Newtonian addition would give $|u'| = c$, but that would violate the universal speed limit. The relativistic correction reduces it to $4c/5$.

(b) Doppler-shifted ruby laser

Object 1 emits at rest-frame wavelength $\lambda_0 = 694.3$ nm.
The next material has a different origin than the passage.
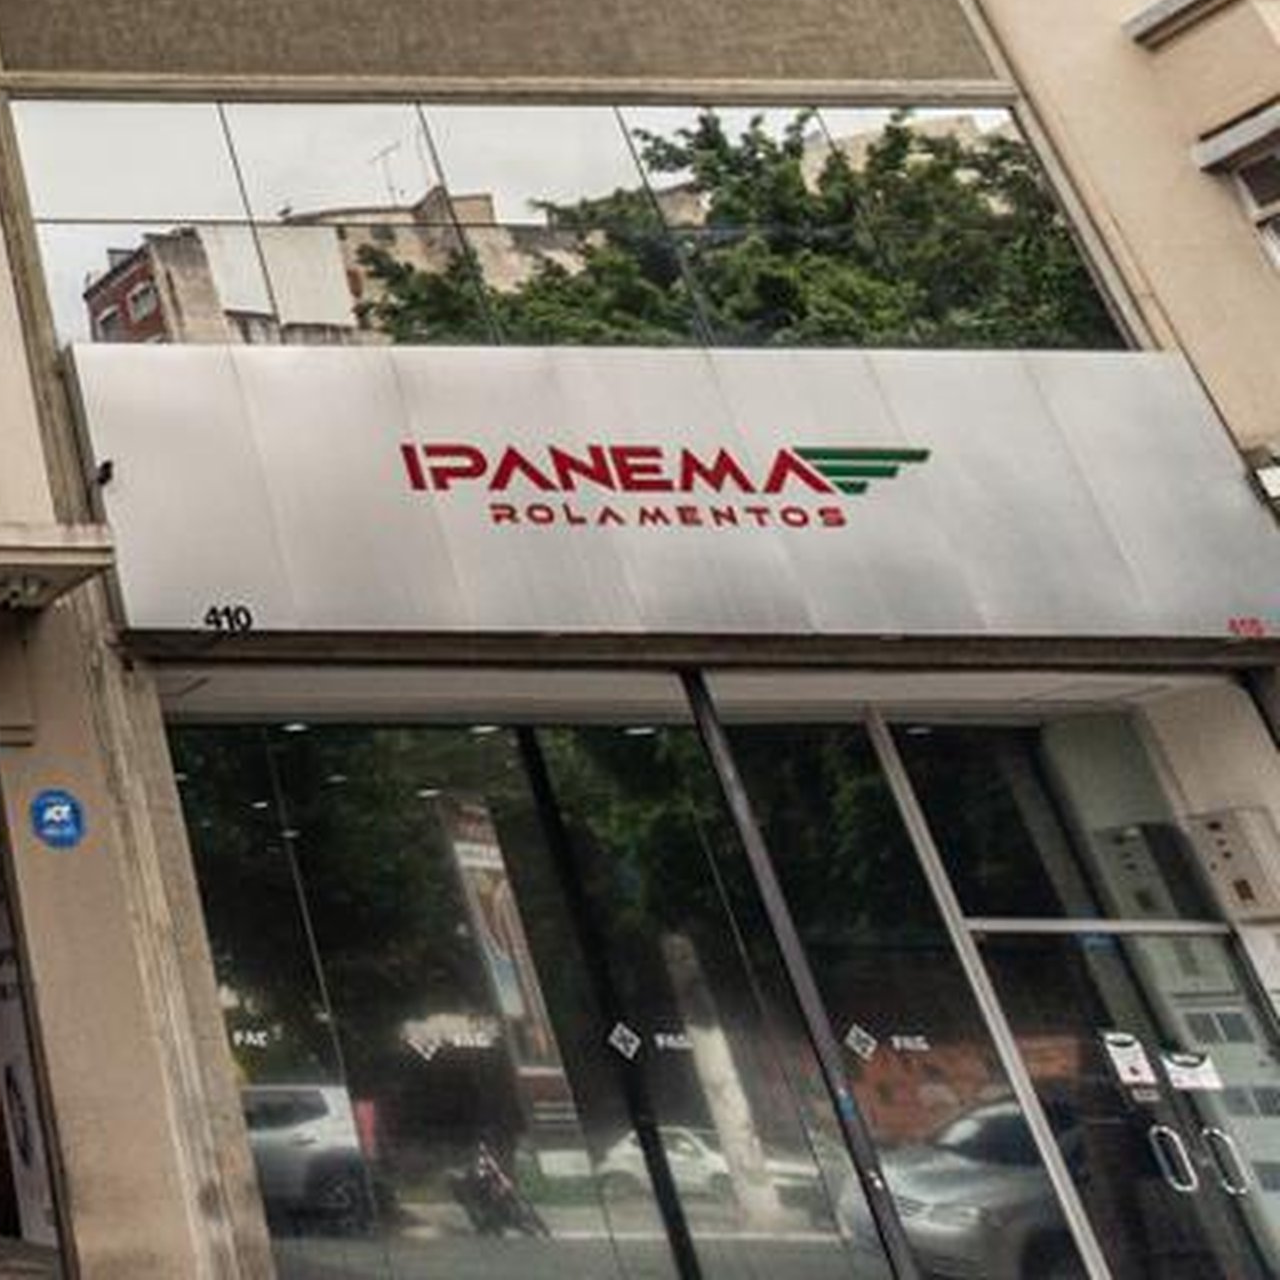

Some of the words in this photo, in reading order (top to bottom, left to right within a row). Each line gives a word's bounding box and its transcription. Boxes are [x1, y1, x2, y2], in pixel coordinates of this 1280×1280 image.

[400, 443, 836, 494] IPANEMA
[489, 502, 848, 528] ROLAMENTOS
[203, 605, 253, 632] 410
Object 2 sees it approaching at $\beta = 4/5$, so by the relativistic blueshift formula:

$$\lambda' = \lambda_0\sqrt{\frac{1-\beta}{1+\beta}} = 694.3\,\text{nm}\sqrt{\frac{1/5}{9/5}} = 694.3\,\text{nm}\sqrt{1/9} = \frac{694.3}{3}\,\text{nm}.$$

$$\boxed{\;\lambda' \approx 231\,\text{nm}\quad(\text{deep UV}).\;}$$

Frequency factor 3 — ruby red shifts past visible into the UV. The ruby laser's signature 694.3 nm red light, blueshifted by $\beta = 0.8$, would be invisible to the naked eye on object 2 (UV) and could cause ionising biological damage at the same incident intensity. The same principle (and reversed) explains the extreme reddening of light from receding cosmological sources.